> [Activity] The entries must be set down again word for word; no pictures belong in the copy.

> [Record excerpts]
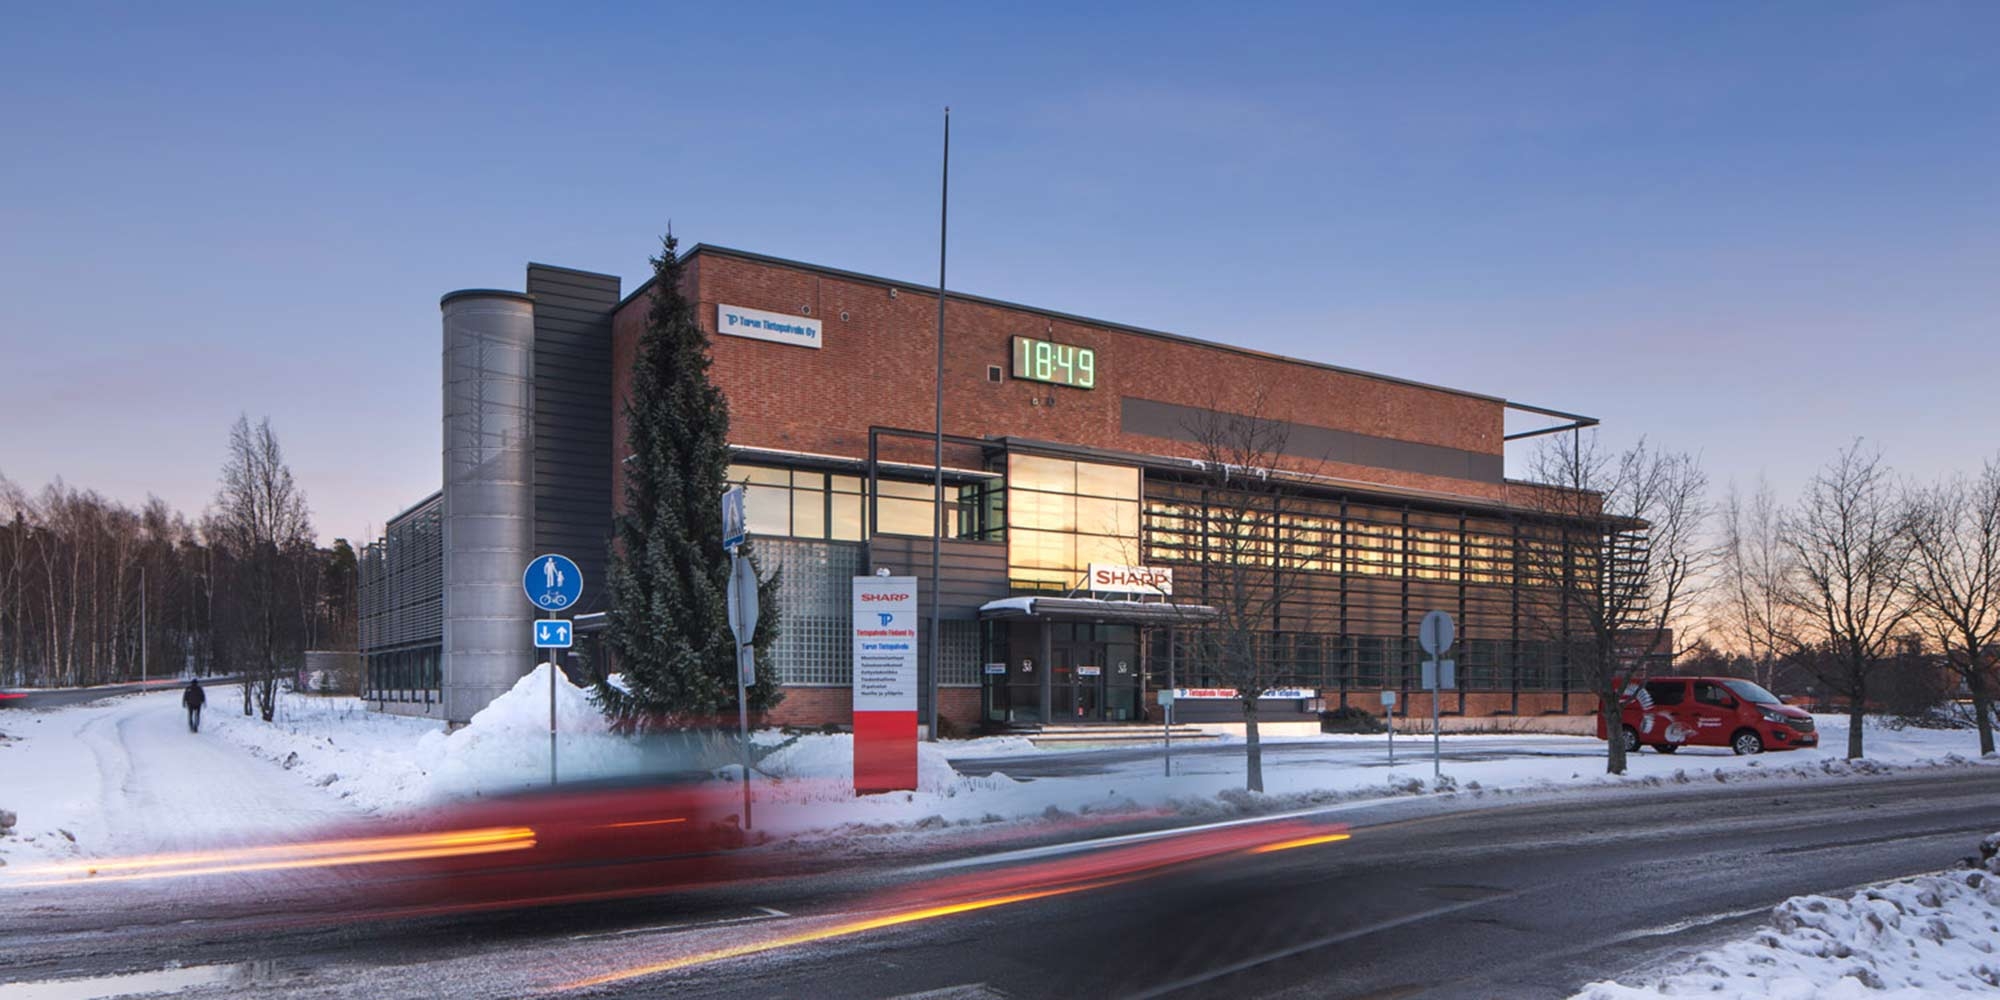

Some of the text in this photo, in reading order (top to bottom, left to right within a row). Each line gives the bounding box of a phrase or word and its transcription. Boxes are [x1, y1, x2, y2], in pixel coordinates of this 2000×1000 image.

[1022, 339, 1094, 387] 18:49
[1096, 570, 1168, 587] SHARP
[861, 593, 909, 601] SHARP
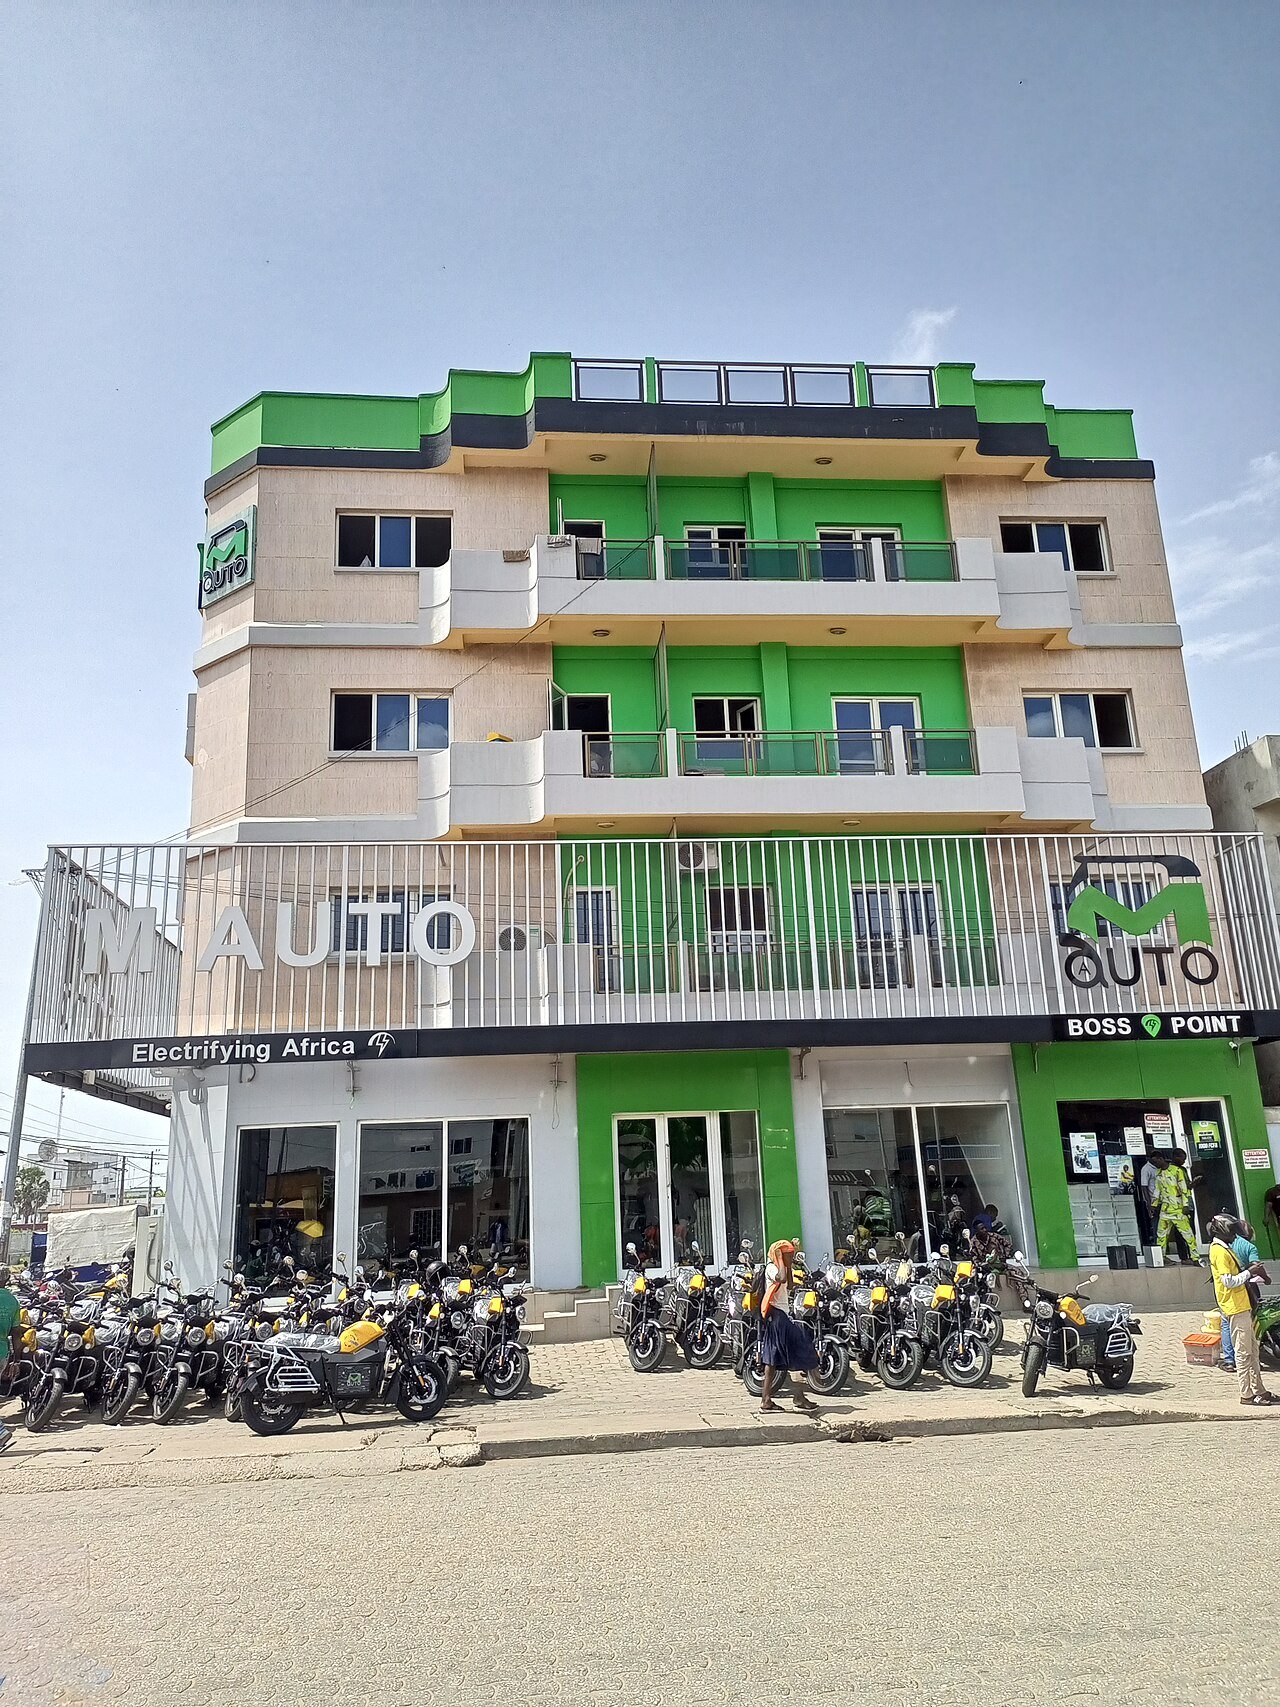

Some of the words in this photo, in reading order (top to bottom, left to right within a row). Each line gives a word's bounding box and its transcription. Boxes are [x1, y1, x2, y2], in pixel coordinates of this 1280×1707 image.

[196, 900, 476, 972] AUTO
[1067, 1018, 1132, 1036] BOSS
[1170, 1015, 1241, 1033] POINT
[132, 1040, 271, 1064] Electrifying
[282, 1037, 355, 1057] Africa

> [Task response]
Some of the text in this photo, in reading order (top to bottom, left to right within a row). Each line gives the bounding box of a phrase or word and its transcription. Boxes are [x1, y1, x2, y2], in pixel coordinates of this 2000×1000 image.

[1022, 339, 1094, 387] 18:49
[1096, 570, 1168, 587] SHARP
[861, 593, 909, 601] SHARP

Some of the words in this photo, in reading order (top to bottom, left to right within a row). Each line gives a word's bounding box and its transcription. Boxes are [x1, y1, x2, y2], in pixel coordinates of this 1280×1707 image.

[196, 900, 476, 972] AUTO
[1067, 1018, 1132, 1036] BOSS
[1170, 1015, 1241, 1033] POINT
[132, 1040, 271, 1064] Electrifying
[282, 1037, 355, 1057] Africa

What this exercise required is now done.